Angry
If the rationalize is the computer program makes mistakes then you must
accept that either the electronic vote or the paper receipt could be
wrong. There is no guarantee that the paper receipt is correct since the
very same computer program that drives the electronic totals is printing
the paper receipt.
Anytime the screen vote and the paper receipt do not agree, you have to
give the voter a chance to fix it or call for an election judge. If you
don't, then which vote is valid.
Counting by hand is impossible. The three re-count counties in Florida
in 2000 cast 1.6 million votes. All you need is one hand counter to
sneeze and you start all over.
"Neil Gould" wrote in message
...
Recently, sfb posted:
It isn't a simple as just print a receipt. If you print before the
voter presses the final button and the voter changes their mind, the
receipt and the machine do not agree. If you print a second receipt
then you have two receipts for one voter. If the receipt and the
machine disagree and the voter presses the final button anyway, which
one is the true vote?
Why would a receipt *ever* be printed before the "final" button is
pressed?

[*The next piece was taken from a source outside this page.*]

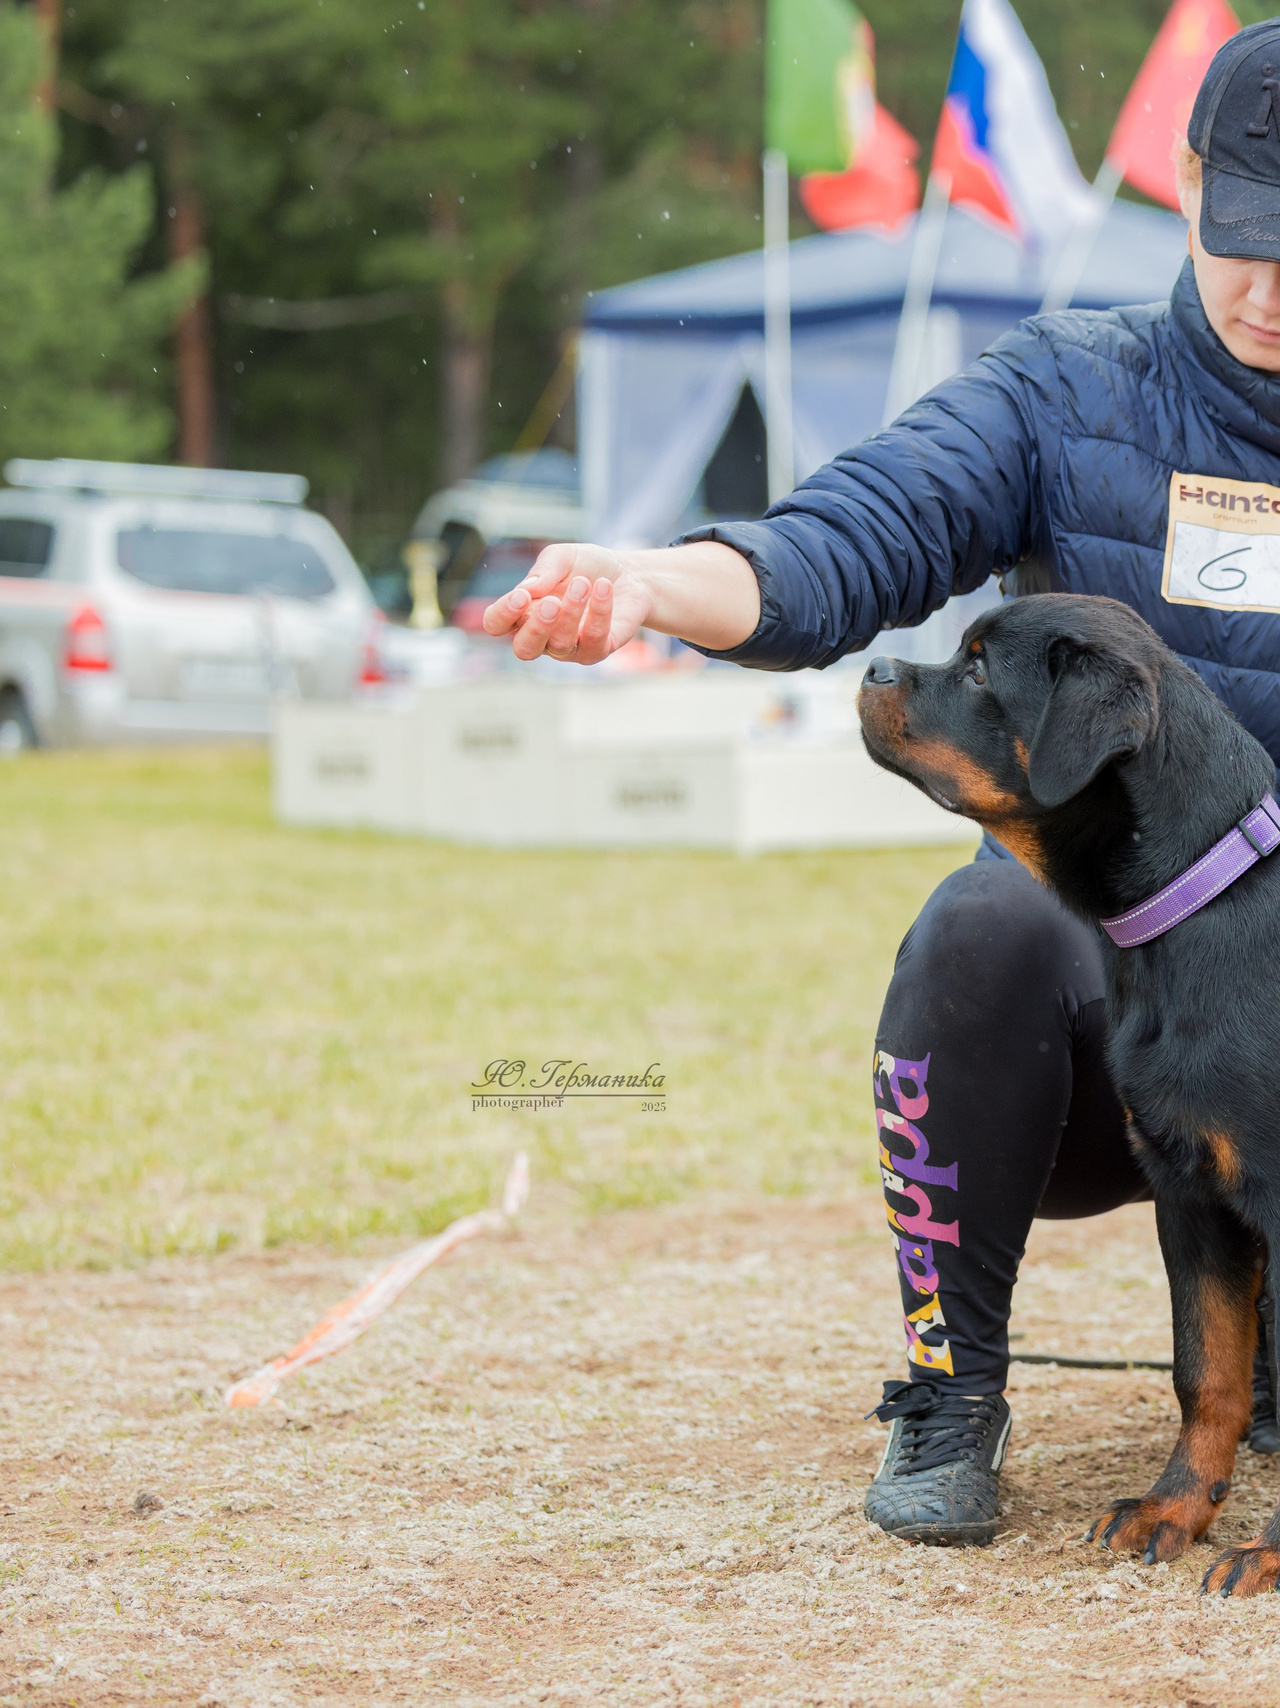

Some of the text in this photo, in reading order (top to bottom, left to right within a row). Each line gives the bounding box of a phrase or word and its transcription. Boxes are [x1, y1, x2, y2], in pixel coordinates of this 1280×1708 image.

At that point, printing them in duplicate is not a problem.
There is no way to count the receipts by hand so now you need a
entire
new set of machines to count receipts which brings you back to many
of
the problems with punch cards.
Why couldn't receipts be counted by hand? As a method of verification,
the
task isn't all that large. Still, if the receipts followed a standard
layout, they could be counted by machine quite easily.